(Saved data entries)
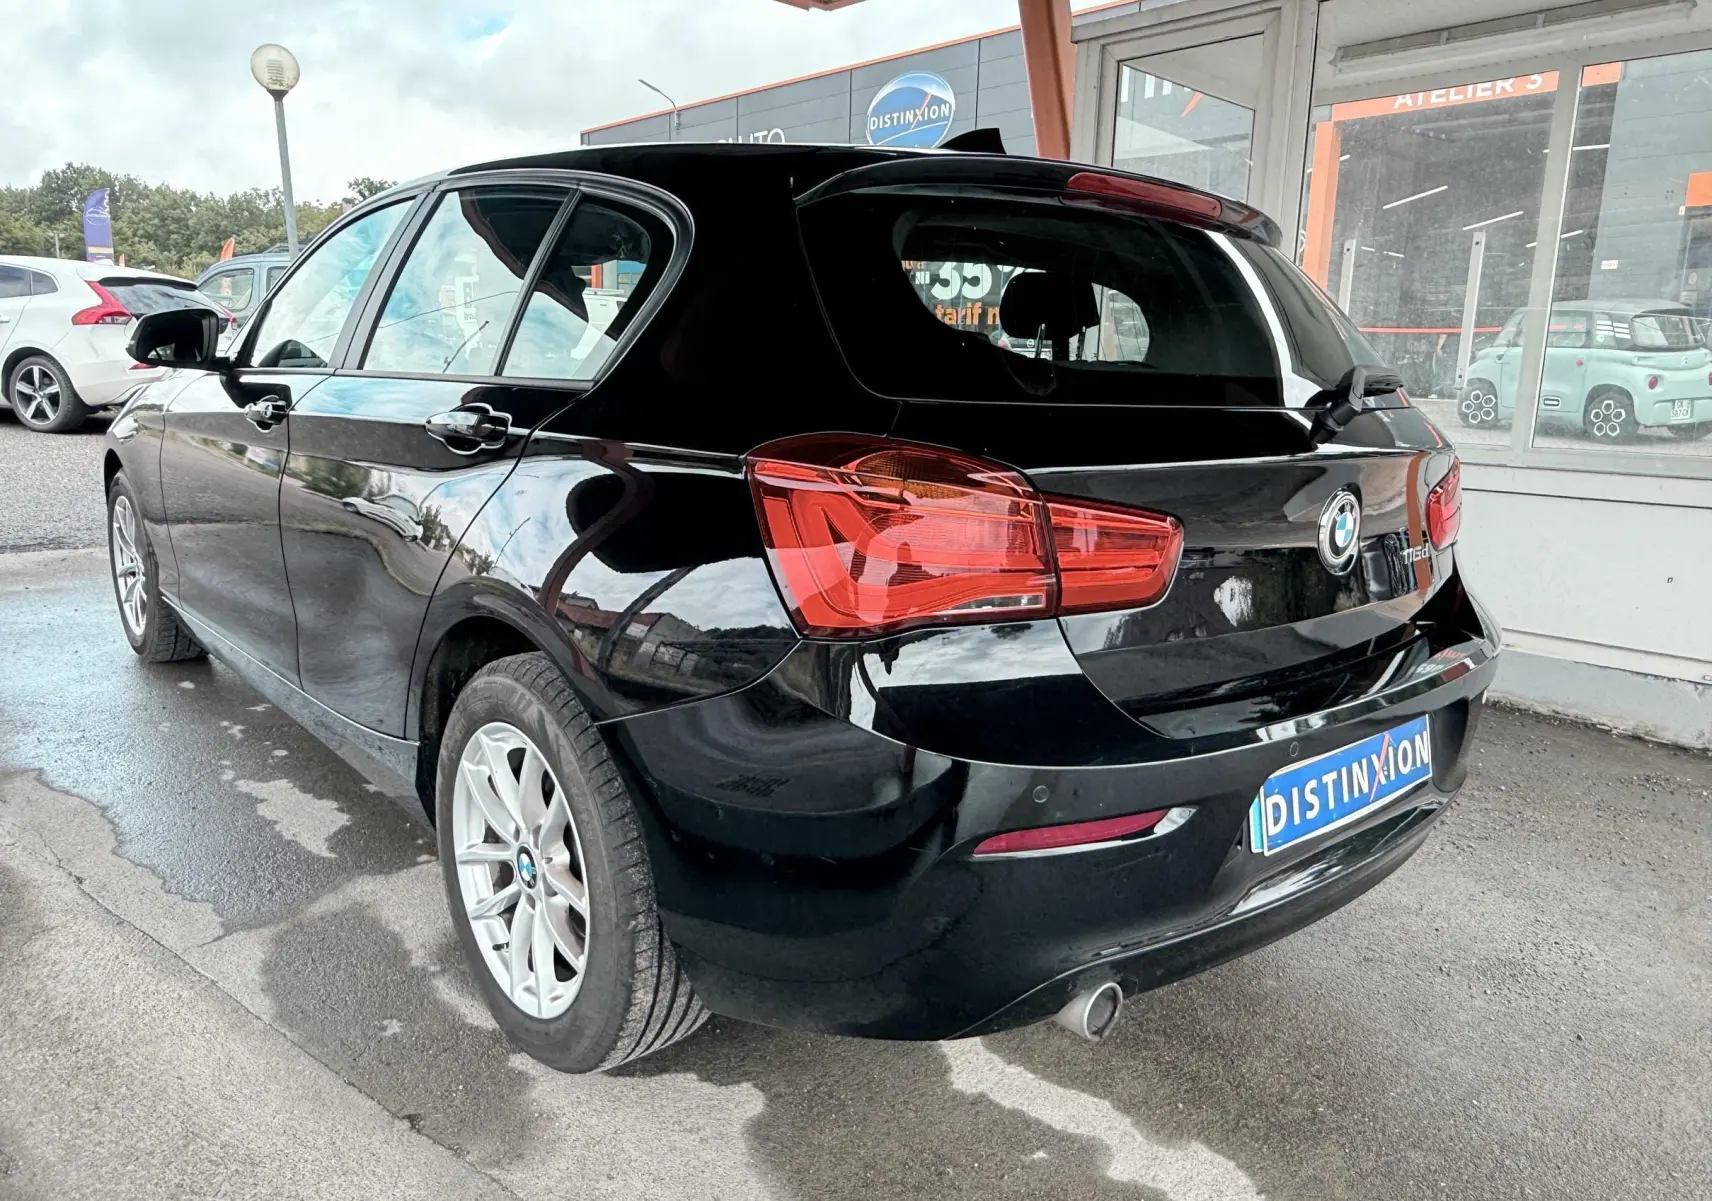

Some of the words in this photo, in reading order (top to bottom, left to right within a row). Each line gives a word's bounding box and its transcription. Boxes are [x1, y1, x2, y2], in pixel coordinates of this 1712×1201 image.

[1393, 78, 1516, 109] ATELIER
[870, 102, 950, 131] DISTINXION
[935, 302, 983, 325] tarif
[1266, 730, 1429, 837] DISTINXION

**What this task involves**
Each entry gets copied exactly; the pictures stay out.

**Response to this task**
Some of the words in this photo, in reading order (top to bottom, left to right within a row). Each line gives a word's bounding box and its transcription. Boxes are [x1, y1, x2, y2], in pixel coordinates of this 1712×1201 image.

[1393, 78, 1516, 109] ATELIER
[870, 102, 950, 131] DISTINXION
[935, 302, 983, 325] tarif
[1266, 730, 1429, 837] DISTINXION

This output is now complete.